I picked up Until Proven Safe: The History and Future of Quarantine, by journalists Geoff Manaugh and Nicola Twilley, with a degree of dread. Who wants to remain, even intellectually, in that claustrophobic place in which we slunk and mouldered our way through 2020 and 2021?
But there's something that feels impossible, too, about leaving it behind, despite the call of shot girl summers and the advent of the UK's absurdly named "Freedom Day." Life appears increasingly normal for the vaccinated, but death and sickness continues to tear through the unvaccinated world. Which of the warring impulses — relief or fear, celebration or lingering grief — should we give in to? Should we be dancing, or mourning, or both? It's hard to imagine what closure might look like.
So there is something counterintuitively comforting in a deeply-considered book that contextualizes and justifies the seclusion and uncertainty of the past 18 months. Even if it felt chaotic and unprecedented to those of us who had not lived through it before, quarantine is in fact "one of humanity's oldest and most consistent responses to epidemic disease," the authors write.
Until Proven Safe is not a hastily assembled response to the events of the past year and a half, but the result of many years of research. That might sound freakishly prescient, but Manaugh and Twilley make the case that disease and the quarantines they inspire have in fact shaped much of the modern world, from international borders to passports to trade and agriculture. "Quarantine restrictions, we came to realize, lie at the root of most global institutions and frameworks, preserved like a fly in bureaucratic amber," they write.
Simply put, quarantine has always been an answer to the problem of doubt. "[T]here might be something dangerous inside you — something contagious — on the verge of breaking free," the authors write. "The space and time you need to see whether it will emerge is quarantine."

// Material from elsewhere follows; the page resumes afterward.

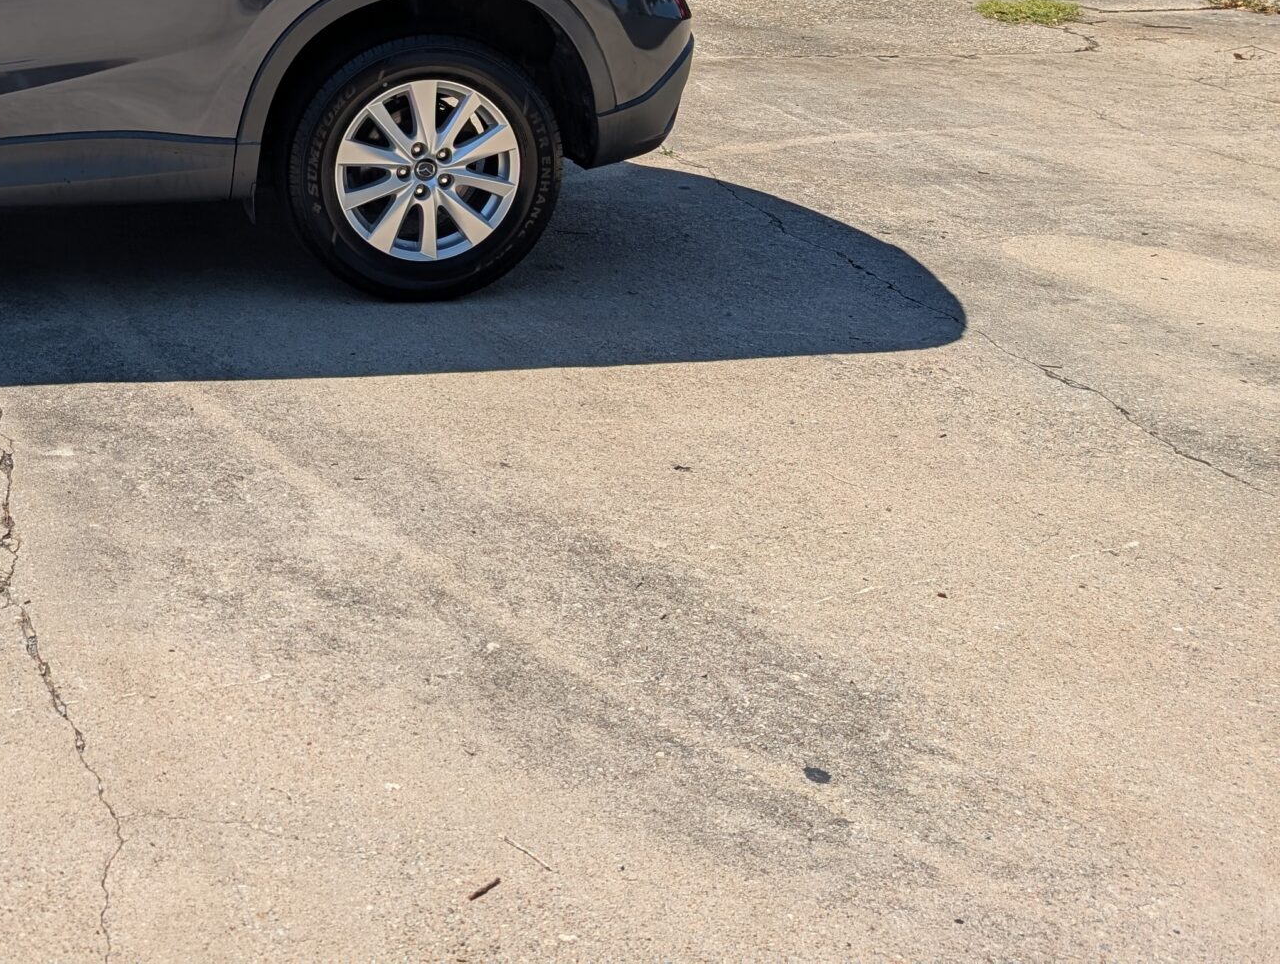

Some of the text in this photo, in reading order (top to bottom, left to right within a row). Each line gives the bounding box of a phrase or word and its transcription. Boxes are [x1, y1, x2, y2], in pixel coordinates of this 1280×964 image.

[307, 85, 356, 199] SUMITOMO
[517, 110, 552, 238] HTR ENHANCE

The earliest recorded formal quarantine was in 1377, when the city of Dubrovnik mandated that those arriving from plague hotspots must first spend a month in a designated quarantine outpost. Quarantine facilities spread across the Mediterranean as a way to slow the spread of bubonic plague, and we've lived with quarantine in various forms ever since.

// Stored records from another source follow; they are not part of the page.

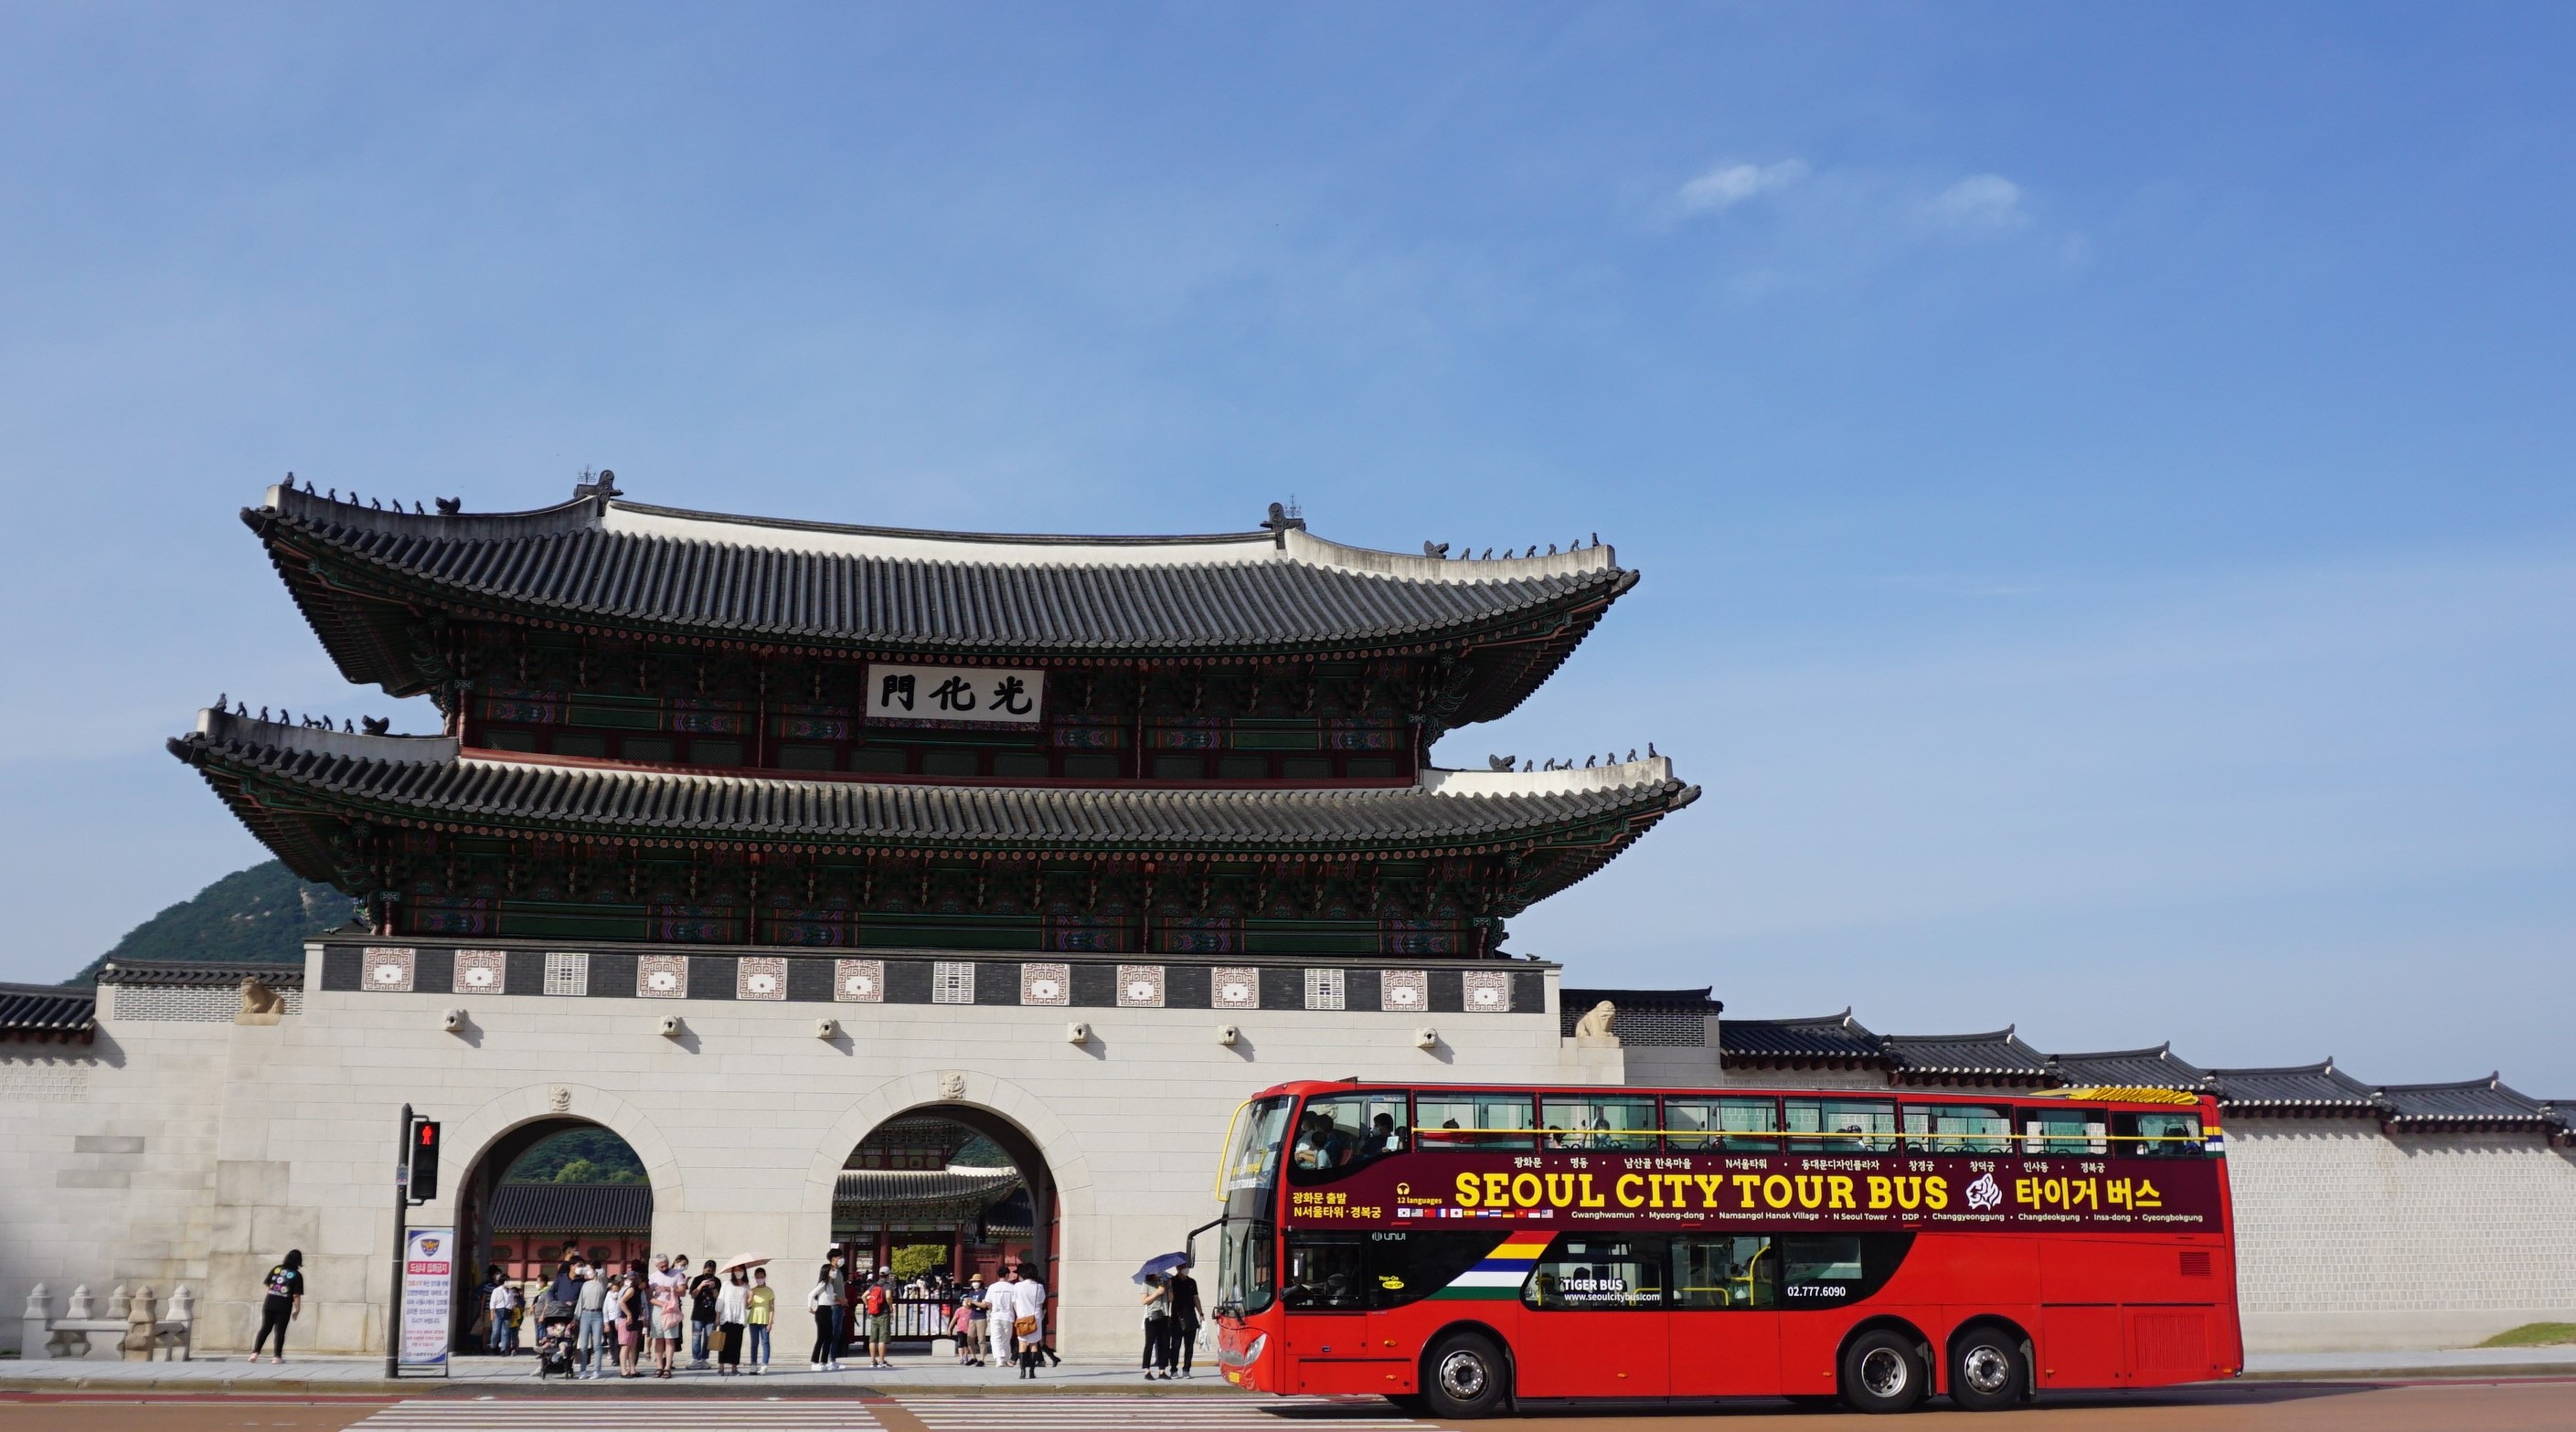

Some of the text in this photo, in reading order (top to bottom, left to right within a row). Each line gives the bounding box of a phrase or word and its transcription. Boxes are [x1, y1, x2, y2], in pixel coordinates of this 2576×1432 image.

[1513, 1156, 2106, 1173] 광화문 명동 남산골 한옥마을 N서울타워 동대문디자인플라자 창경궁 창덕궁 인사동 경복궁
[1455, 1172, 1948, 1210] SEOUL CITY TOUR BUS
[2015, 1176, 2162, 1211] 타이거 버스
[1292, 1192, 1347, 1204] 광화문 출발
[1397, 1196, 1442, 1206] 12 languages
[1570, 1210, 1635, 1220] Gwanghwamun
[1648, 1211, 1705, 1221] Myeong-dong
[1719, 1211, 1764, 1221] Namsangol
[1765, 1212, 1792, 1220] Hanok
[1792, 1211, 1820, 1221] Village
[1840, 1213, 1863, 1221] Seoul
[1864, 1213, 1889, 1221] Tower
[1901, 1213, 1920, 1221] DDP
[1932, 1212, 2006, 1222] Changgyeonggung
[2017, 1213, 2081, 1223] Changdeokgung
[2093, 1213, 2132, 1223] Insa-dong
[2142, 1214, 2203, 1223] Gyeongbokgung
[1563, 1278, 1623, 1290] TIGER BUS
[1564, 1292, 1660, 1303] www.seoulcitybus.com
[1787, 1286, 1847, 1298] 02.777.6090

Manaugh and Twilley visit an impressively broad array of quarantine projects, many of which would be incomprehensible to the residents of 14th century Dubrovnik. There is a section, for instance, devoted to the question of planetary quarantine, or how to ensure that we don't contaminate space or vice-versa. After the Apollo moon landing, for example, astronauts were held at the "Lunar Receiving Lab," in Harris County, Texas. "In the event of an actual alien contagion, officials later revealed, the plan was to bury everyone in the laboratory alive under a mountain of dirt and concrete," the authors write, "sacrificing astronauts and NASA scientists alike." (This turned out not to be necessary).
One of the book's most fascinating sections looks at how to quarantine something not only in space but in time. The authors describe the (equal parts absurd and wonderful) proposals for how to warn future generations away from nuclear containment sites while the material is still dangerous. Should there be a kind of nuclear priesthood, whose mission is to cultivate a sense of superstition and foreboding around the area? Should we breed cats that change color in the presence of radioactive material, so that their owners realize something strange is nearby? Display a copy of Edvard Munch's The Scream on the outside, to convey primal, speechless terror in case the denizens of the future can't read English? One report sponsored by the Department of Energy suggested carving, on a massive stone monument, warnings such as "This is not a place of honor...no highly esteemed deed is commemorated here...nothing valued is here."
There are consistent anxieties running through each of these very different quarantine projects — anxiety about individual liberty, about outsiders, about how to communicate danger convincingly, and about whether it is possible to have spiritual or artistic life in isolation. The authors write, for instance, that in medieval Split, a pulpit was attached to a tower overlooking the sea, "from which a priest could perform an open-air, distanced mass for sailors quarantined aboard their ships." There's a kind of wonderful, cross-century kinship there with the Detroit priest who anointed congregants with holy water using a squirt gun during the COVID-19 pandemic.
These little echoes and threads across the centuries are reminders that the next quarantine is a matter of when, not whether. But they also show how inexhaustibly and creatively people have tried to find ways to be together, even while apart. At one point, Manaugh and Twilley quote some lines carved on the walls of Angel Island Immigration Station, where Asian immigrants were often quarantined in the early 20th century before being allowed to enter California. "Over a hundred poems are on the walls....What can one sad person say to another?" wrote "Xu, from Xiangshan." But he still wanted to leave a mark — some form of company, perhaps, some reminder that other people had been there too.